Der BMW i8
BMW benötigt mehr Kohlefaser für i3, i8 und den neuen 7er.
 

BMW investiert 100 Mio. Euro

Aufgrund der starken Nachfrage bei den Modellen i3 und i8 verdoppelt BMW und SGL die Kohlefaserproduktion.

17.02.2014 APA

Der Münchner Autohersteller BMW und der Spezialist im Grafitbereich SGL Carbon werden ihre Kohlefaserproduktion verdoppeln, wird ein Insider im Handelsblatt (Sonntag) zitiert. Demnach werden künftig 6.000 Tonnen CFK pro Jahr hergestellt und zusätzliche 100 Millionen Euro investiert werden.

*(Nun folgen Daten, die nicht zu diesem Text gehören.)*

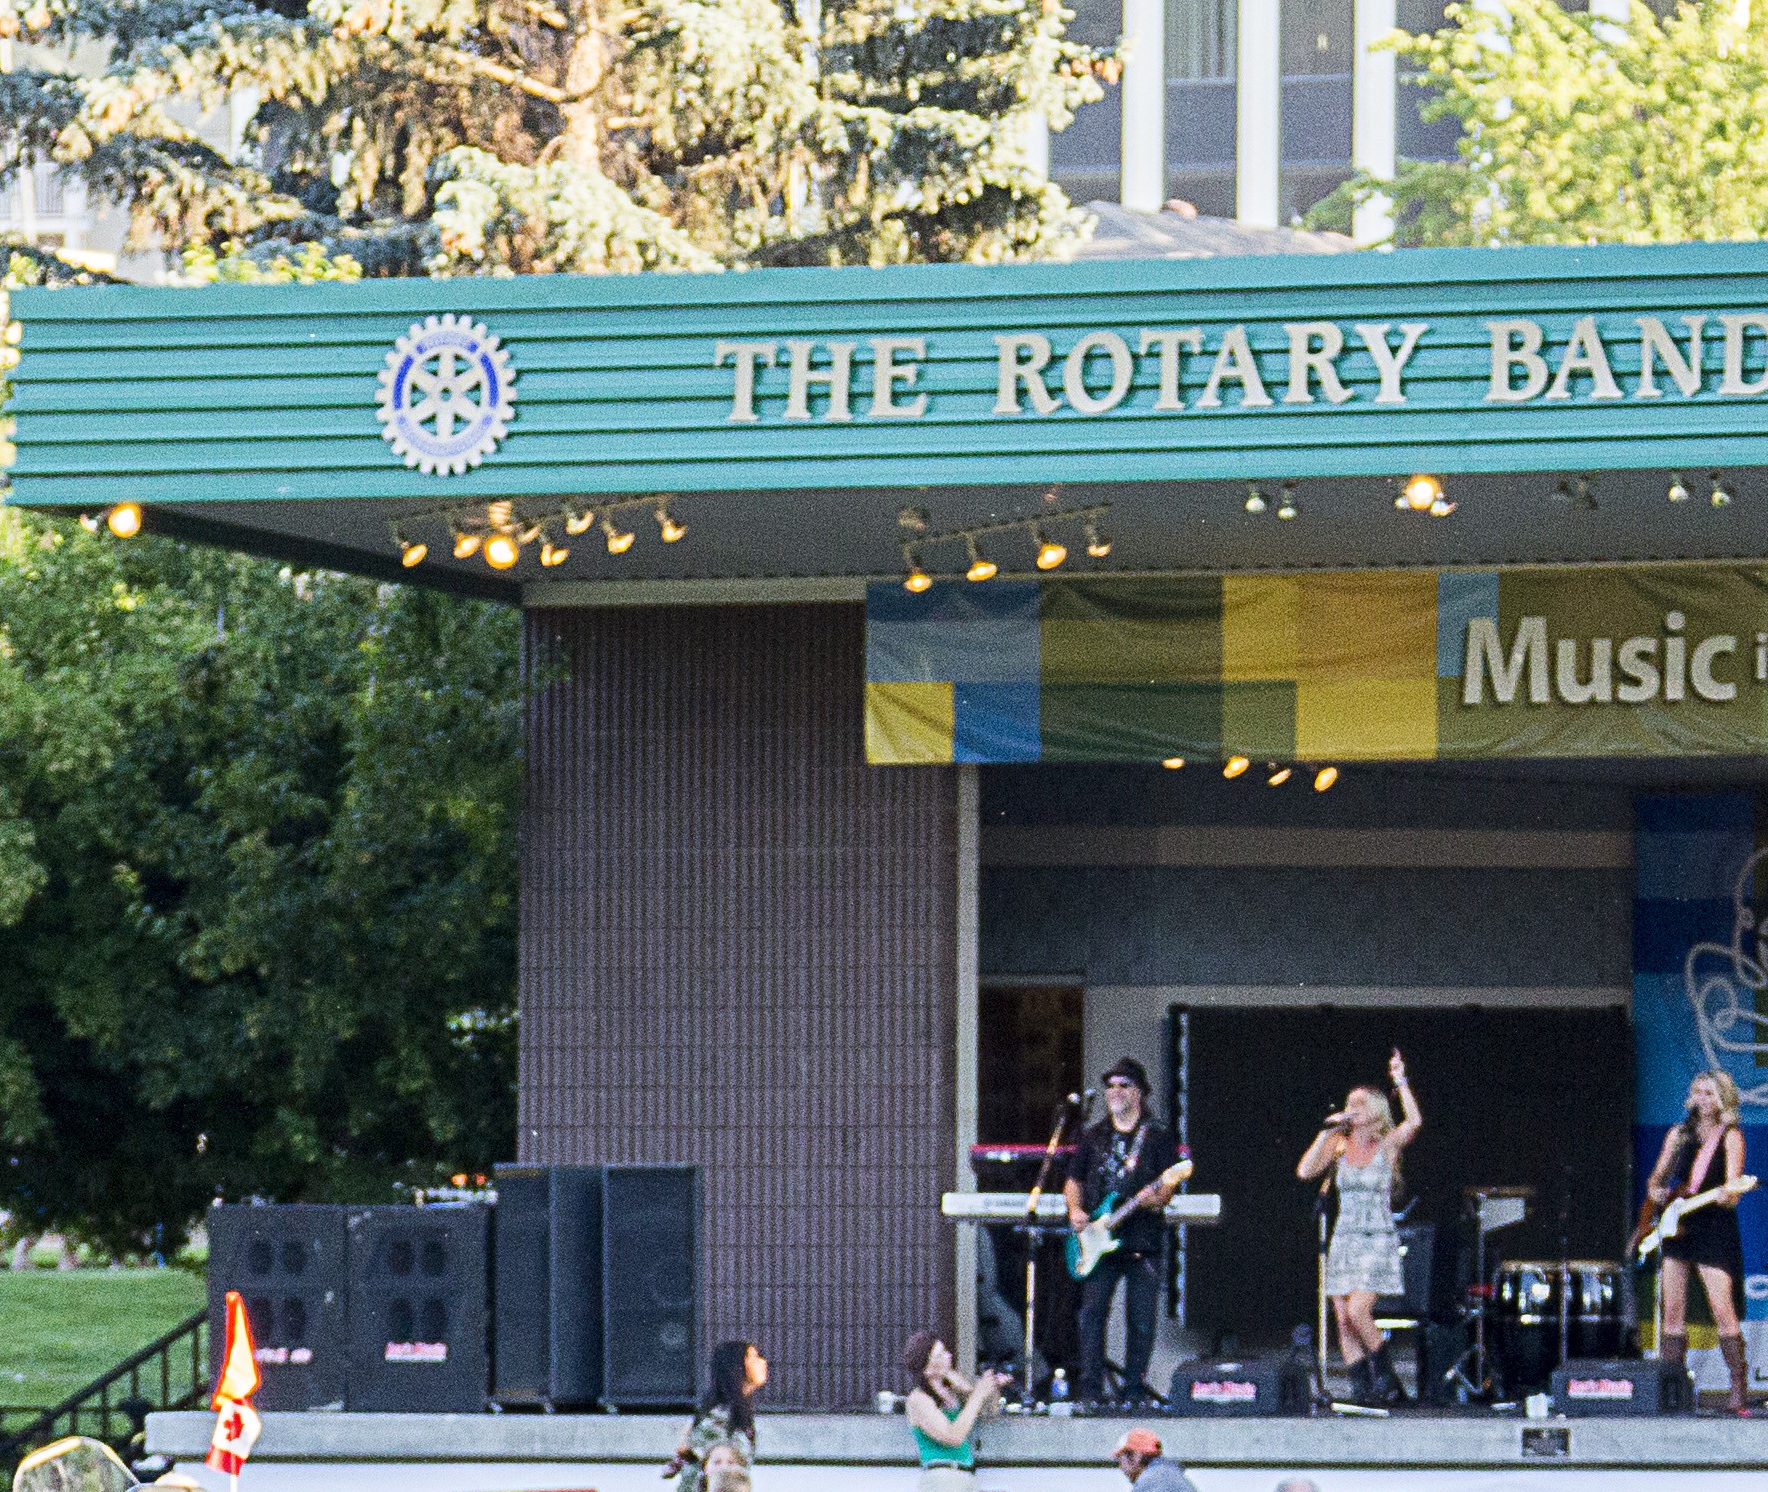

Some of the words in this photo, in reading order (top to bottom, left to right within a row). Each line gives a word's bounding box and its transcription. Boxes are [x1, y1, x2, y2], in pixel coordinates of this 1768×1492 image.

Stärkere Nachfrage erwartet

Ein SGL-Sprecher sagte dazu lediglich, die Unternehmen würden sich auf die erwartet stärkere Nachfrage vorbereiten. Deshalb würden derzeit die Produktionsflächen ausgebaut. Bei BMW war zunächst keine Stellungnahme erhältlich.

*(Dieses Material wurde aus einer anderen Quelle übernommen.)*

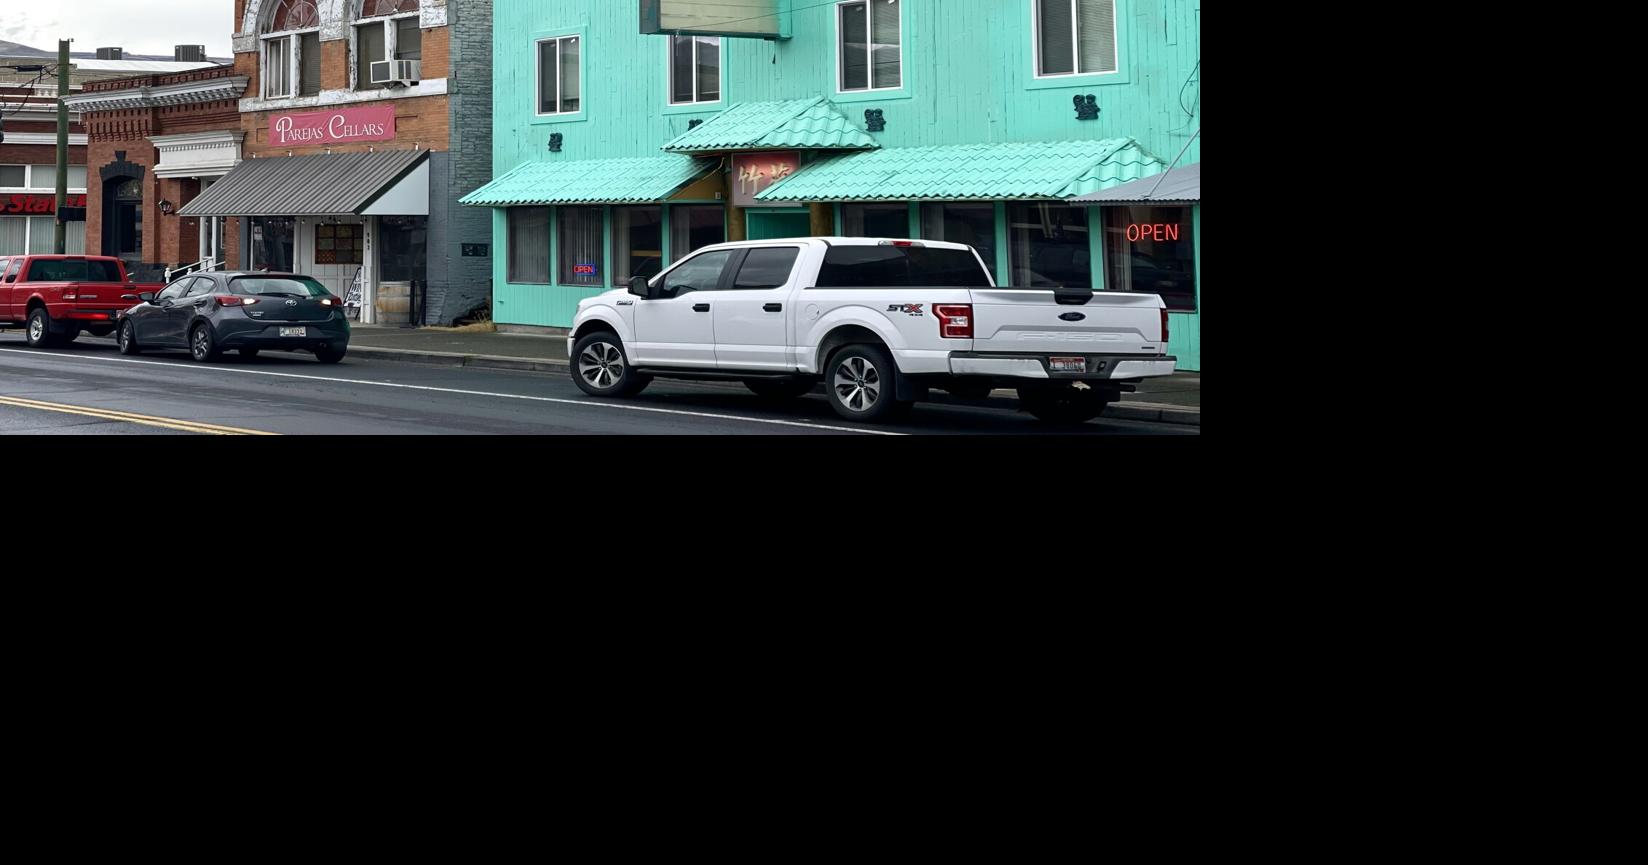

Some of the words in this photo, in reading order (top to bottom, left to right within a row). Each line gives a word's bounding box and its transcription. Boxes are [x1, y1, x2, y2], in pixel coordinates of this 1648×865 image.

[276, 116, 323, 143] PAREJAS
[329, 115, 384, 139] CELLARS
[1126, 223, 1178, 241] OPEN
[574, 265, 594, 273] OPEN
[886, 303, 923, 313] STX
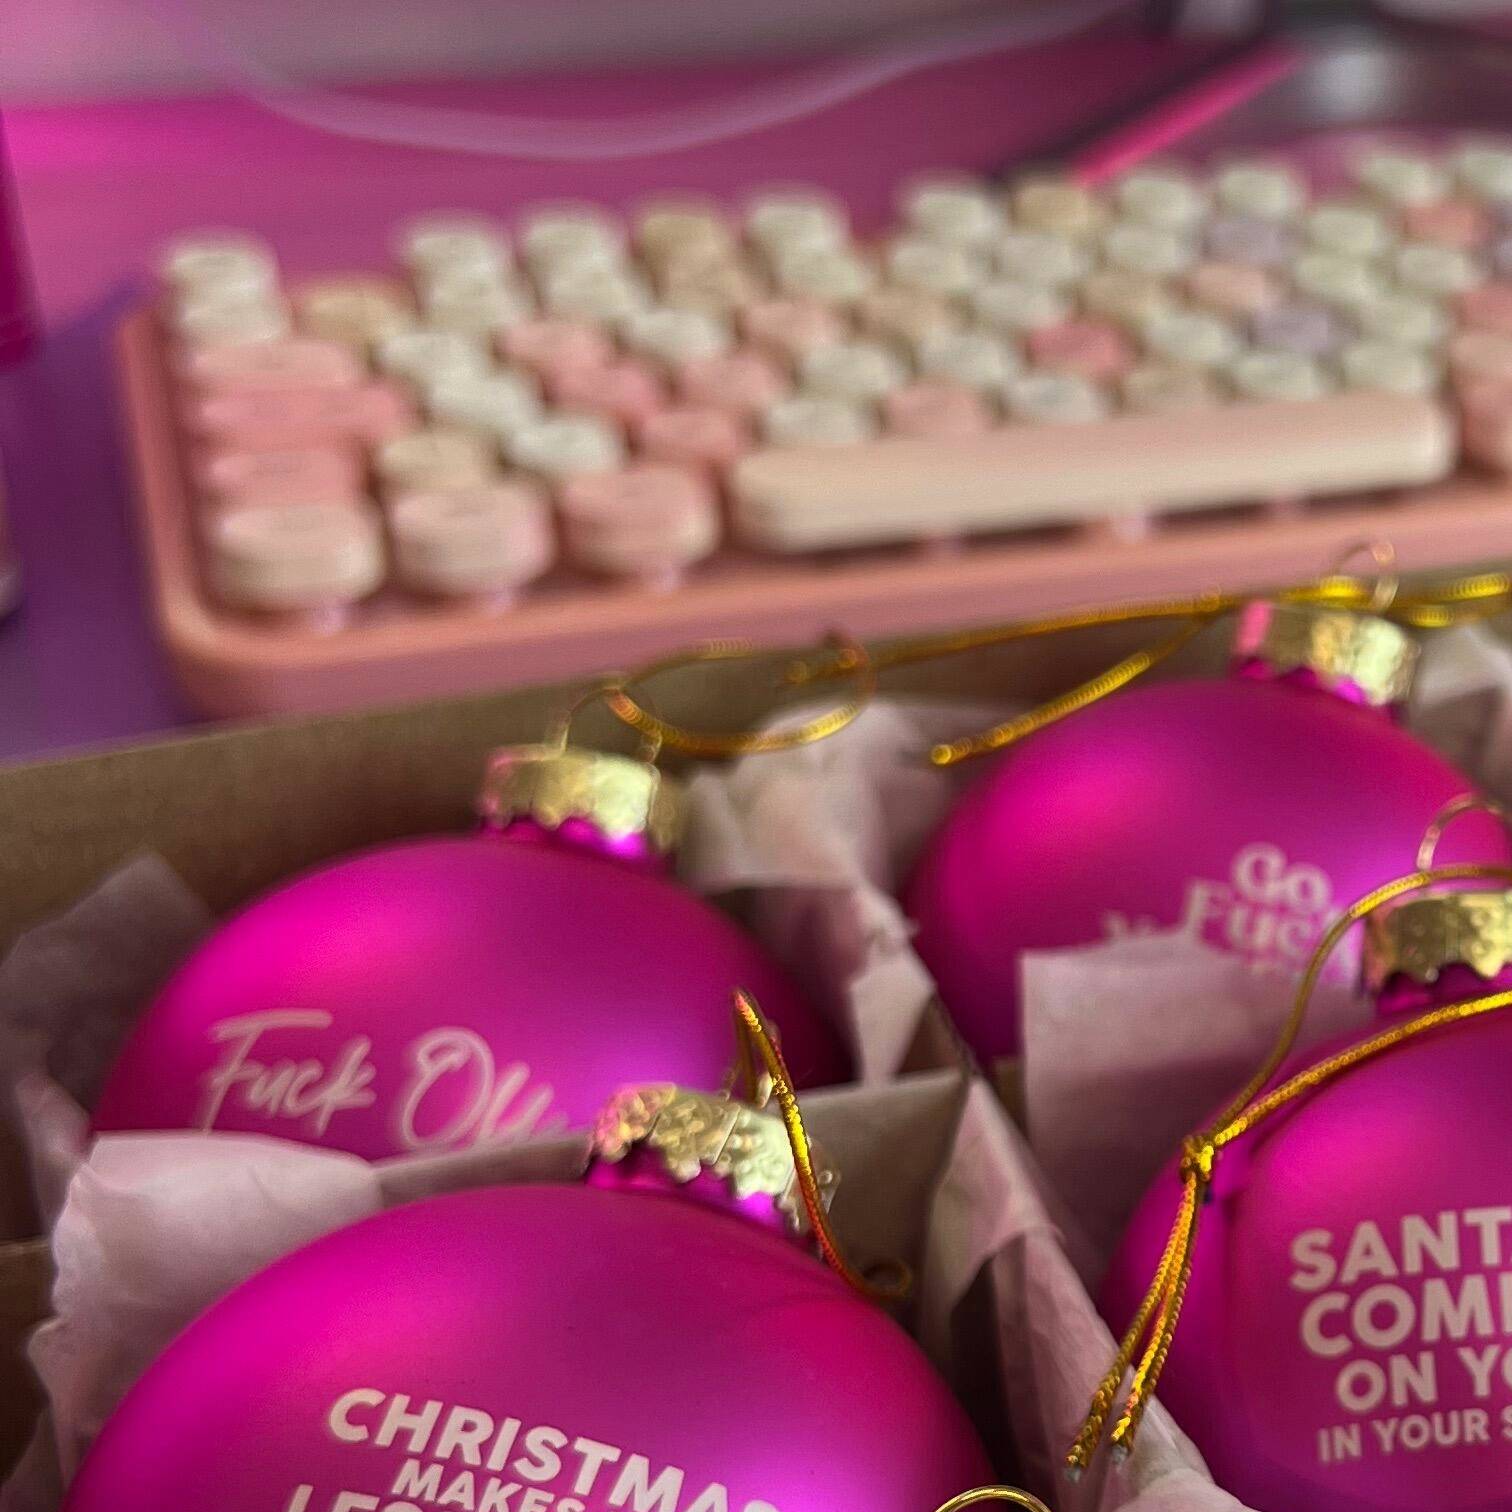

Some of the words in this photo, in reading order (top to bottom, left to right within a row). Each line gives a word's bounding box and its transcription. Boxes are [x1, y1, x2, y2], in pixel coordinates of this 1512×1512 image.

[1335, 1350, 1439, 1412] ON
[1317, 1422, 1363, 1464] IN
[1373, 1408, 1490, 1454] YOUR

Speziell für Elektroautos und den neuen 7er

Mit dem Ausbau der Kapazitäten käme BMW der Nachfrage nach den Elektroautos BMW i3 und BMW i8 nach. Zudem soll Kohlefaser für das geplante neue 7er-Modell verwendet werden. Das Material ist deutlich leichter, aber bis zu achtmal teurer als Stahl. Um sich den Zugriff auf die Technologie zu sichern, hatte sich BMW 2011 gemeinsam mit Großaktionärin Susanne Klatten mit 42,5 Prozent an SGL beteiligt. Auch VW hält Anteile an dem Wiesbadener Zulieferer für die Stahl-und Autoindustrie.